Tuesday 8 May 2012

Making the grade

On a gloriously sunny spring morning in early March, Captain Jamie-the-marine must have thought that Jake and I were being a couple of prima donnas for insisting that he wore a plastic night-vision headset.

To be fair to him, I did sympathise. You couldn’t see a thing through the prop goggles. It was hard enough to negotiate the way around my flat with them on, and we were making him run blind through dense woodland with only the promise that we’d yell 'stop' if it looked like he was about to career into a tree. It’s a level of production respect that’ll be responsible for a thoroughly boring out-takes reel on the DVD.


But all the scariest horror movies happen at night. Sadly, even the happiest cast and crew get grumpy if you stand them outdoors at 4 AM in March while you faff about trying to swap out the blown fuse on a generator just because you haven’t got enough light. So this is where the movie magic comes in. Shoot it all during the day and then turn the brightness down later.

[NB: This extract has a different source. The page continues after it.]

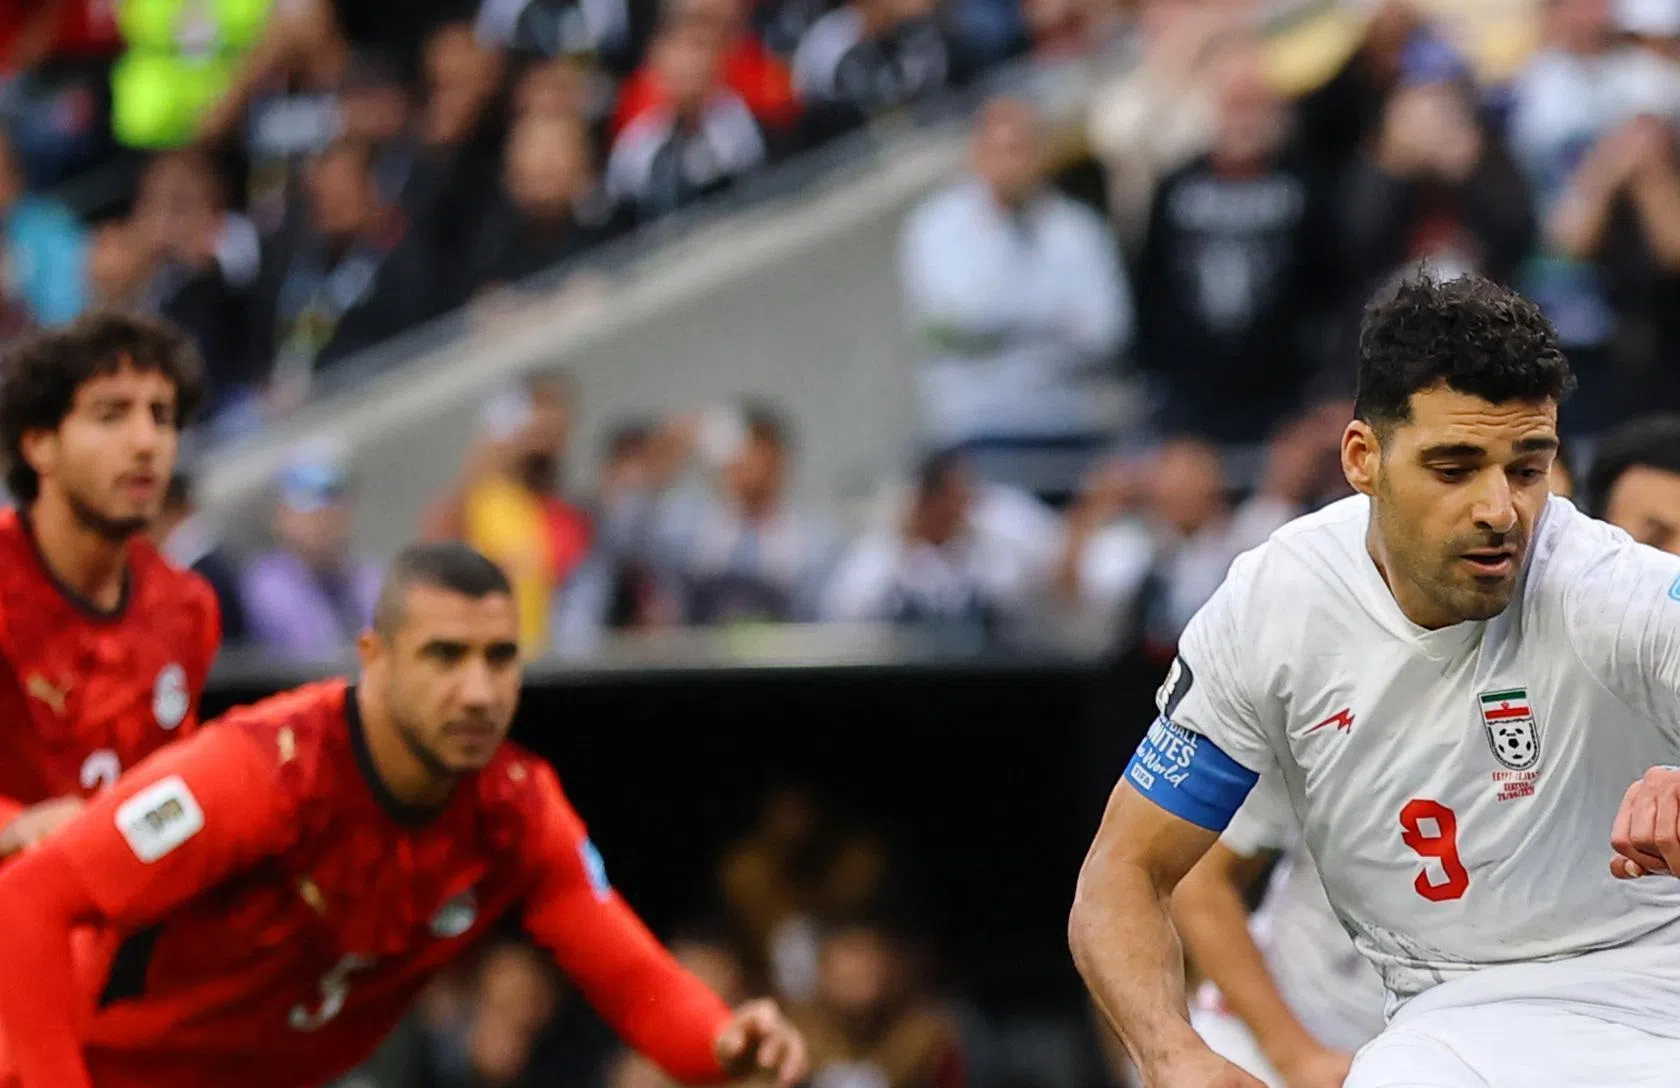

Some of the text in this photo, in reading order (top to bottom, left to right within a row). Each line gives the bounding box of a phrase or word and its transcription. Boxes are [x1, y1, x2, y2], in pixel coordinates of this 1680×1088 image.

Sod it - we’ll fix it in post. The rallying cry of failed filmmakers the world over. We can just paper over all our ineptitude and incompetence when we’re grading the movie.

Grading is a massively complicated and laborious exercise. First you have to adjust every shot to match up the light levels, and balance out any differences in colour, hue and chroma. You're basically dealing with all the footage as it comes directly from the various cameras. And only then can you start to make the movie look like how you actually want it to look.

So when I say turn down the brightness, it turns out that it’s slightly more complicated than that. This is why Ads-the-grade is on speed-dial.

'The thing you’ve got to realise about Ads', his business partner Matt-the-VFX assured us at the time of the first trailer, 'is that he’s a bloody genius'. It’s complicated, but it’s well within his talent set.

Repeat blog attendees may recognise Ads-the-grade as Ads-the-VFX. The man has been extraordinarily busy of late. And today he sent through some screenshots from the graded Cannes trailer for Jake and me to check over.

So this is what the film’s actually going to look like.

And in amongst the screen-grabs were some of Captain Jamie-the-marine. But at night.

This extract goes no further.